A delfi e roma Come già accennato, gli astragali avevano infatti questa ulteriore funzione e il loro uso avveniva in ambito sacerdotale, anche ad alto livello, tanto che numerosissimi astragali sono stati ritrovati presso luoghi di culto. In Grecia, per esempio, dall’antro Coricio sul monte Parnaso, vicino al santuario di Delfi (VI-III secolo a.C.) provengono piú di 22 000 astragali, mentre in Italia sono stati rinvenuti in un deposito votivo del santuario etrusco di Pyrgi e nella stipe votiva sottostante il Lapis Niger, nel Foro Romano, luogo di altissima valenza sacra in quanto legato all’uccisione e all’ascesa tra le divinità di Romolo. Sono venuti alla luce associati a materiale del VI-I secolo a.C. almeno 164 astragali, alcuni dei quali modificati, tra i quali uno forato e piombato. È stato ipotizzato che gli astragali potessero avere un valore ponderale: certo è che compaiono come tipo su molte emissioni del
mondo greco, magno-greco e microasiatico e su monete in bronzo fuse (aes grave) italiche e di Roma della fine del III secolo a.C. Particolarmente interessante, infine, è l’uso degli astragali in ambito funerario, quando non intesi come corredo di gioco per il defunto, ma per la loro valenza apotropaica, beneaugurante e protettiva. Ne sono prova due sepolture eccezionali, nelle quali gli astragali svolgono certo una funzione magico-superstiziosa, come la tomba 101 della necropoli di Varranone (Poggio Picenze, l’Aquila), del IV-III secolo a.C., e le due sepolture di Locri Epizefiri (nn. 348-587), contrada Lucifero, in uso dal VII al II secolo a.C., entrambe con un numero elevatissimo di astragali e anche alcuni chiodi, che potevano formare una sorta di «cinta magica» per impedire l’uscita dei defunti dalla tomba, oppure assicurare loro un felice viaggio nell’aldilà.
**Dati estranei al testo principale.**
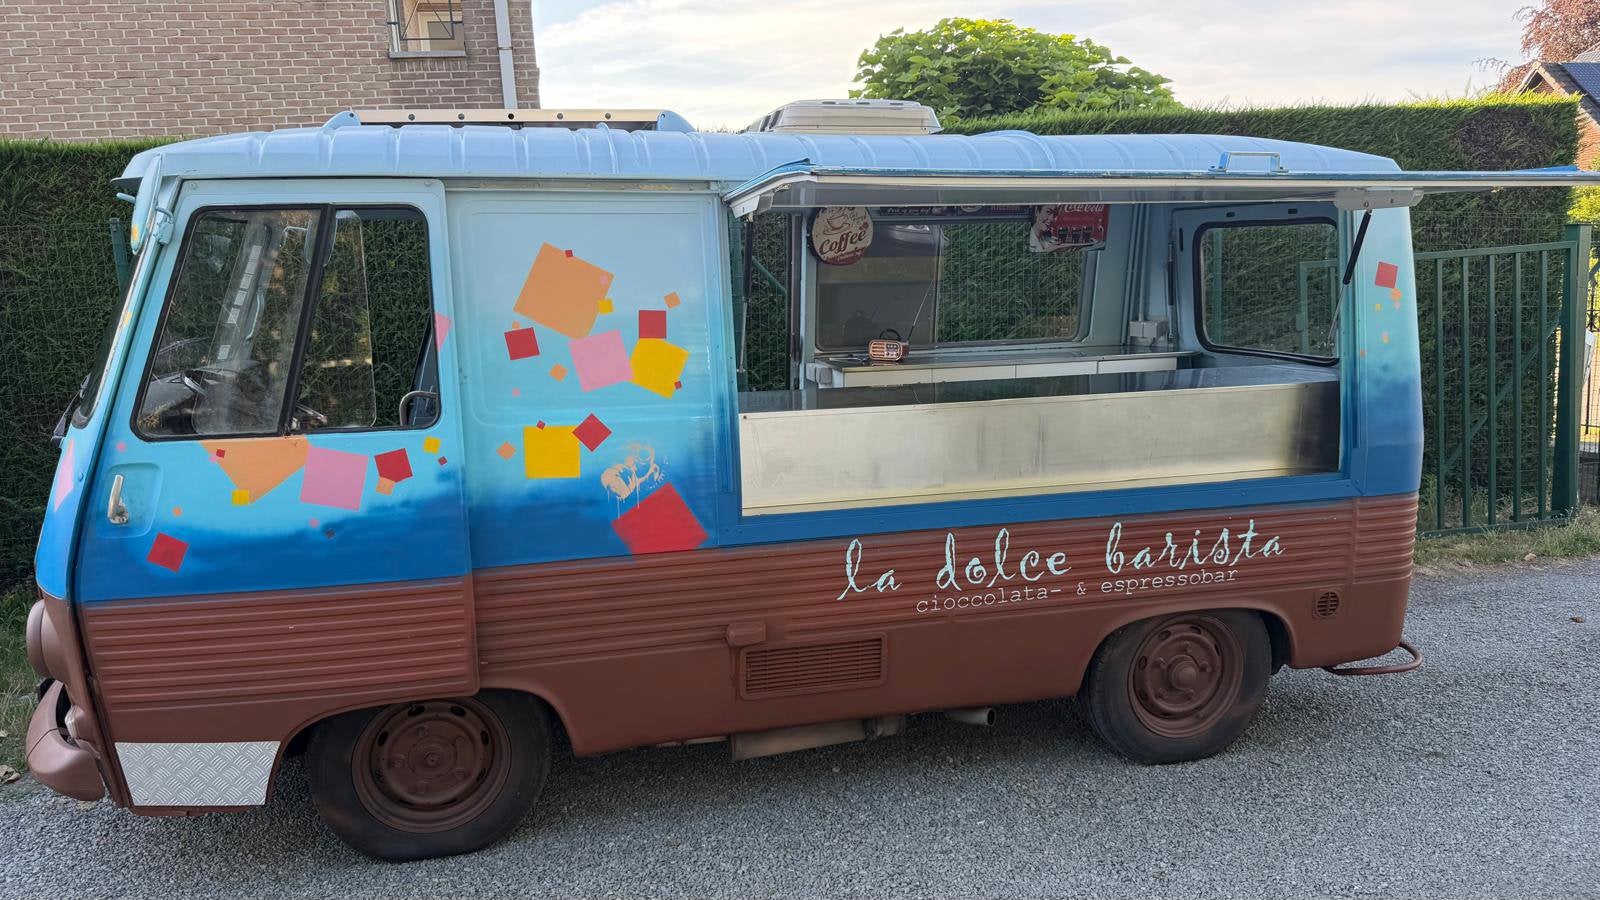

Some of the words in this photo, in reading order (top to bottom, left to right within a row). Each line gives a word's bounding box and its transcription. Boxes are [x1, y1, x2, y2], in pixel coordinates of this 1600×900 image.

[819, 231, 866, 255] Coffee
[837, 538, 902, 601] la
[935, 527, 1071, 591] dolce
[1105, 519, 1286, 574] barista
[915, 586, 1062, 614] cioccolata-
[1076, 581, 1088, 597] &
[1100, 568, 1239, 596] espressobar
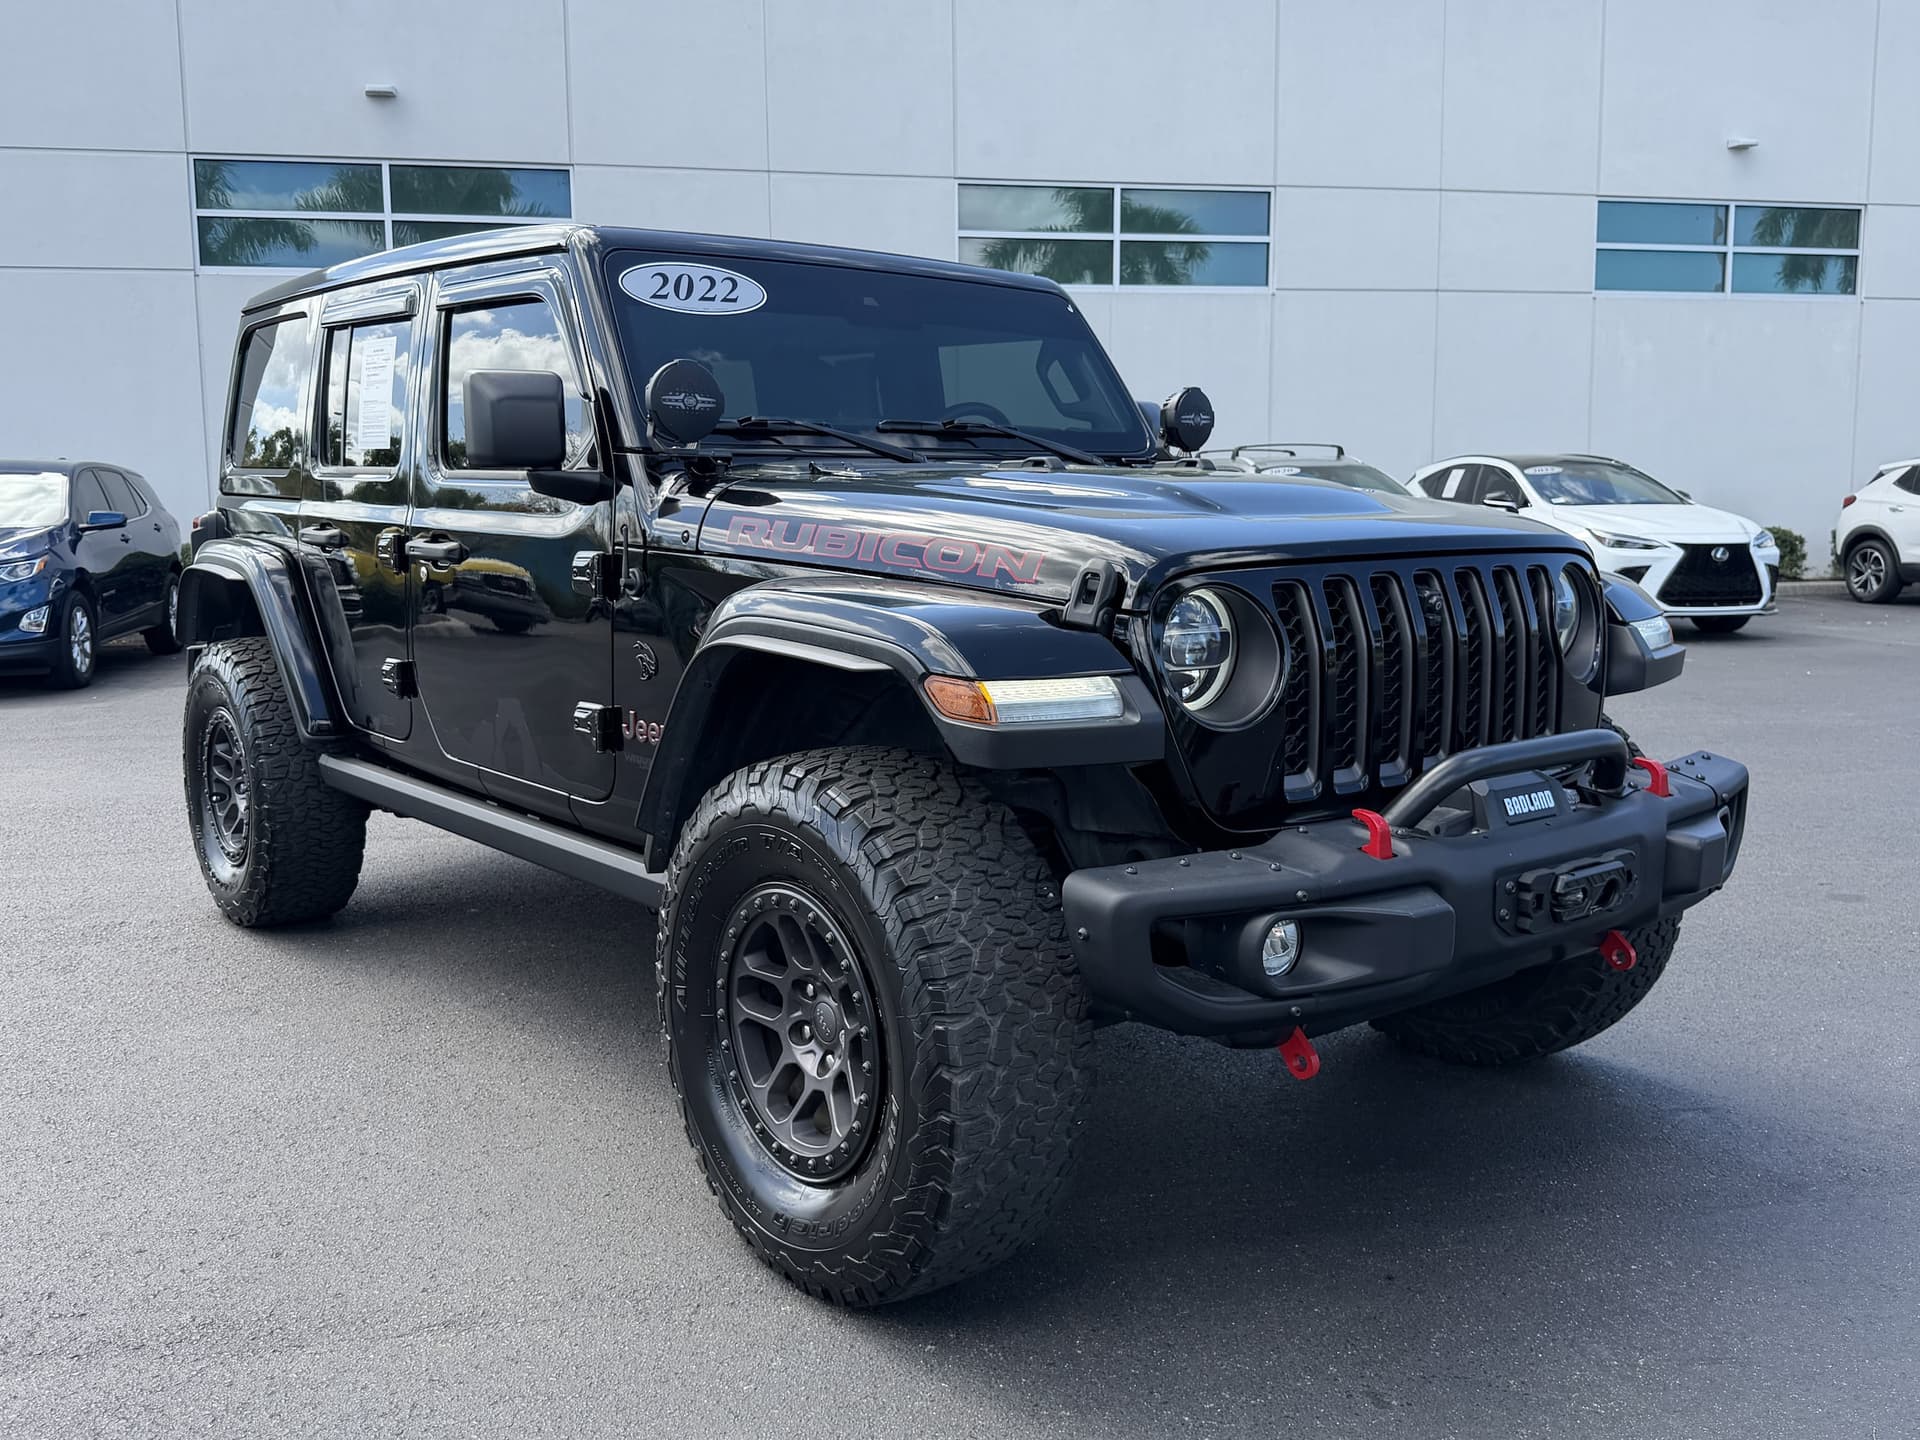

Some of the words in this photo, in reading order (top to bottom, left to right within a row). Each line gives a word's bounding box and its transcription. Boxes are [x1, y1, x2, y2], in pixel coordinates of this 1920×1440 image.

[649, 272, 740, 303] 2022
[725, 515, 1046, 584] RUBICON
[1503, 790, 1556, 817] BADLAND
Il rovescio di un altro esemplare di statere della zecca di Tarso raffigurante una giovane donna che gioca alla penthelita, e, a sinistra, un astragalo utilizzato come dado da gioco rinvenuto a Volubilis (Marocco). I-III sec. d.C.
per saperne di piÚ Barbara Carè, L’astragalo in tomba nel mondo greco: un indicatore infantile? Vecchi problemi e nuove osservazioni a proposito di un aspetto del costume funerario in L’enfant et la mort dans l’antiquité III. Le matériel associé aux tombes d’enfants, BIAMA, 12, 2012; pp. 403-416 Jacopo De Grossi Mazzorin, Claudia Minniti, L’uso degli astragali nell’antichità tra ludo e divinazione, in Atti del 6° Convegno Nazionale di Archeozoologia (Orecchiella, 2009), 2012, pp. 213-220.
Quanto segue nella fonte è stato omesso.